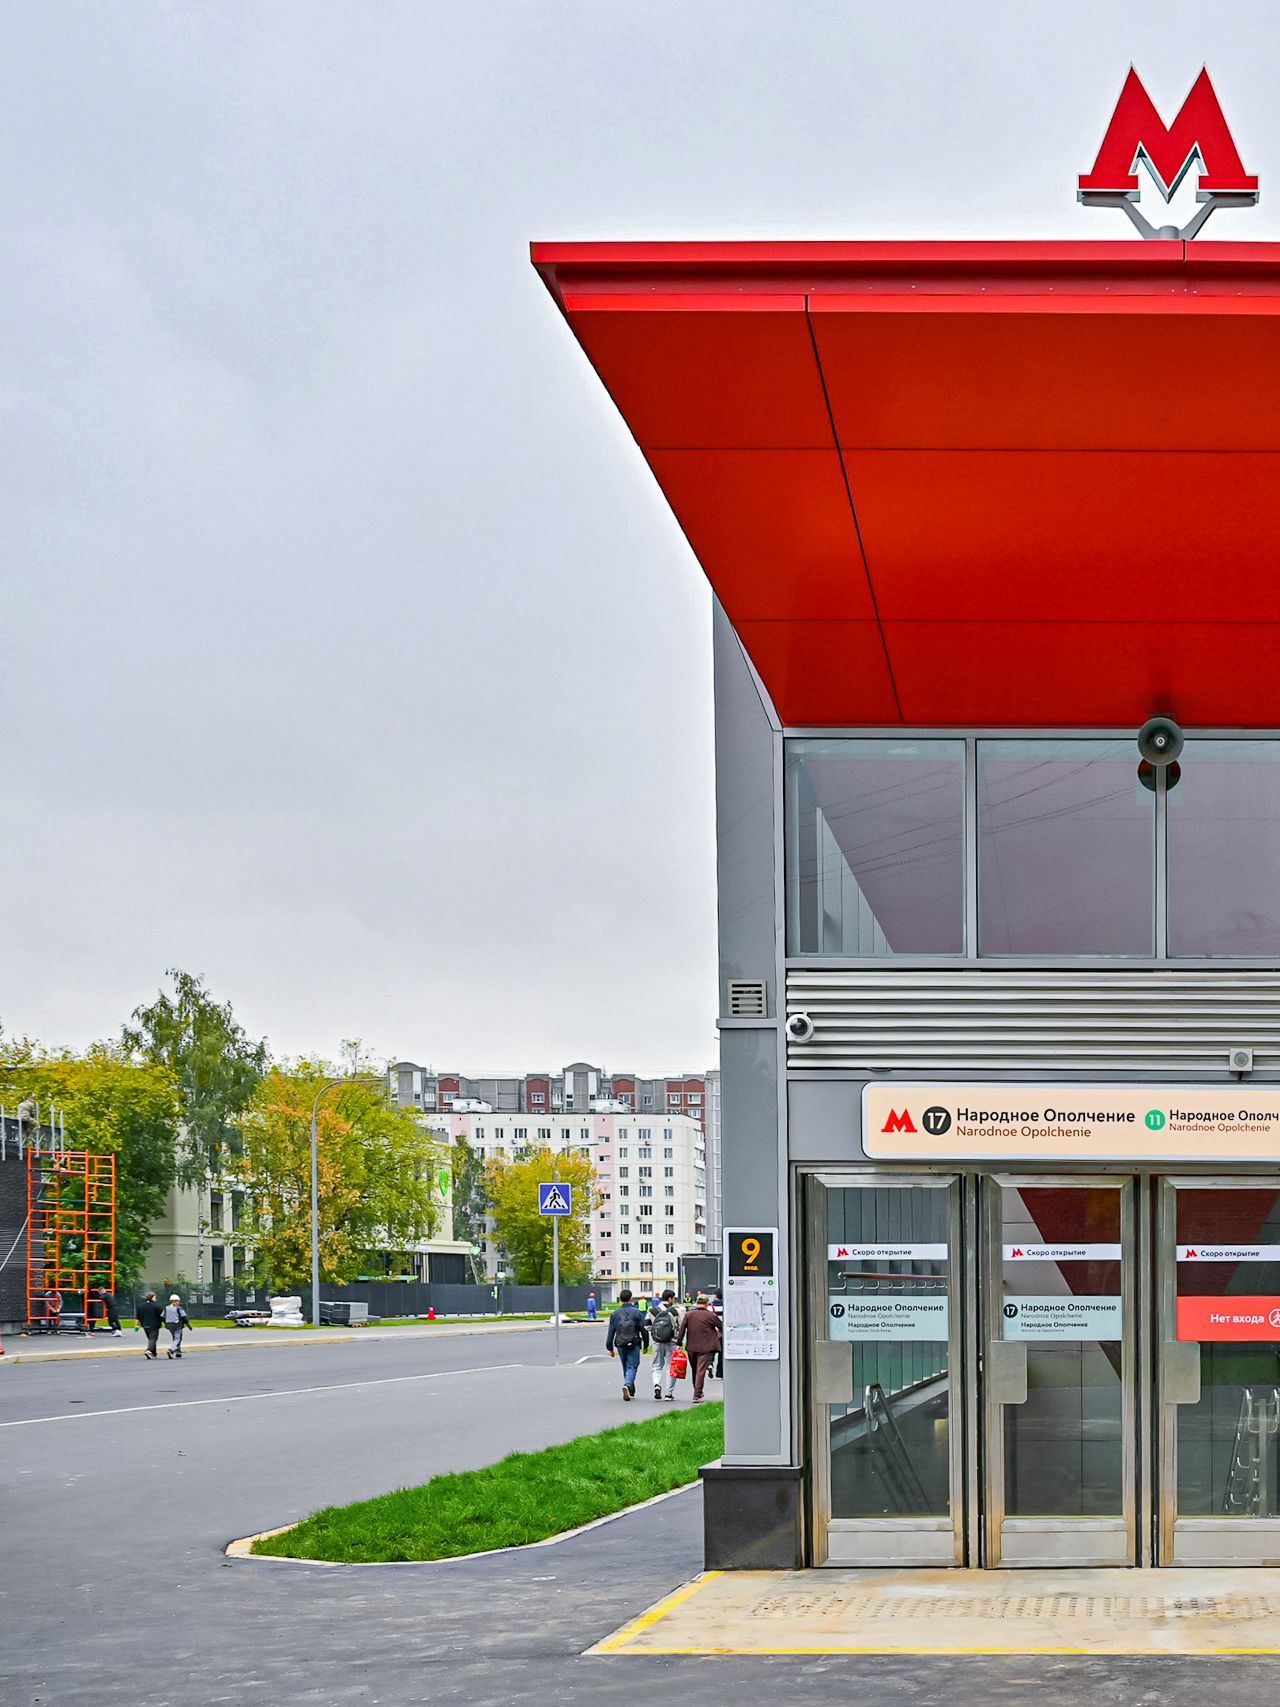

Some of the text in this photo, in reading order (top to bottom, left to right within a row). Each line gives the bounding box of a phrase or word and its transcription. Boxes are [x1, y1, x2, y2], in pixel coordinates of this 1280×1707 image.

[926, 1112, 948, 1130] 17
[956, 1107, 1136, 1125] Народное Ополчение
[1148, 1113, 1161, 1127] 11
[1168, 1109, 1235, 1124] Народное
[956, 1125, 1093, 1139] Narodnoe Opolchenie
[1168, 1123, 1271, 1133] Narodnoe Opolchenie
[741, 1238, 761, 1264] 9
[852, 1248, 875, 1256] Скоро
[1026, 1249, 1050, 1257] Скоро
[1200, 1250, 1224, 1258] Скоро
[832, 1306, 843, 1316] 17
[848, 1303, 945, 1313] Народное Ополчение
[1005, 1306, 1016, 1316] 17
[1020, 1303, 1117, 1313] Народное Ополчение
[1210, 1313, 1265, 1325] Нет входа
+ + + +
■ **REQUIRED ACTION**: The response consists of the data above printed line for line, with no pictures.

■ **RESPONSE TO THE EXERCISE**:
Some of the text in this photo, in reading order (top to bottom, left to right within a row). Each line gives the bounding box of a phrase or word and its transcription. Boxes are [x1, y1, x2, y2], in pixel coordinates of this 1280×1707 image.

[926, 1112, 948, 1130] 17
[956, 1107, 1136, 1125] Народное Ополчение
[1148, 1113, 1161, 1127] 11
[1168, 1109, 1235, 1124] Народное
[956, 1125, 1093, 1139] Narodnoe Opolchenie
[1168, 1123, 1271, 1133] Narodnoe Opolchenie
[741, 1238, 761, 1264] 9
[852, 1248, 875, 1256] Скоро
[1026, 1249, 1050, 1257] Скоро
[1200, 1250, 1224, 1258] Скоро
[832, 1306, 843, 1316] 17
[848, 1303, 945, 1313] Народное Ополчение
[1005, 1306, 1016, 1316] 17
[1020, 1303, 1117, 1313] Народное Ополчение
[1210, 1313, 1265, 1325] Нет входа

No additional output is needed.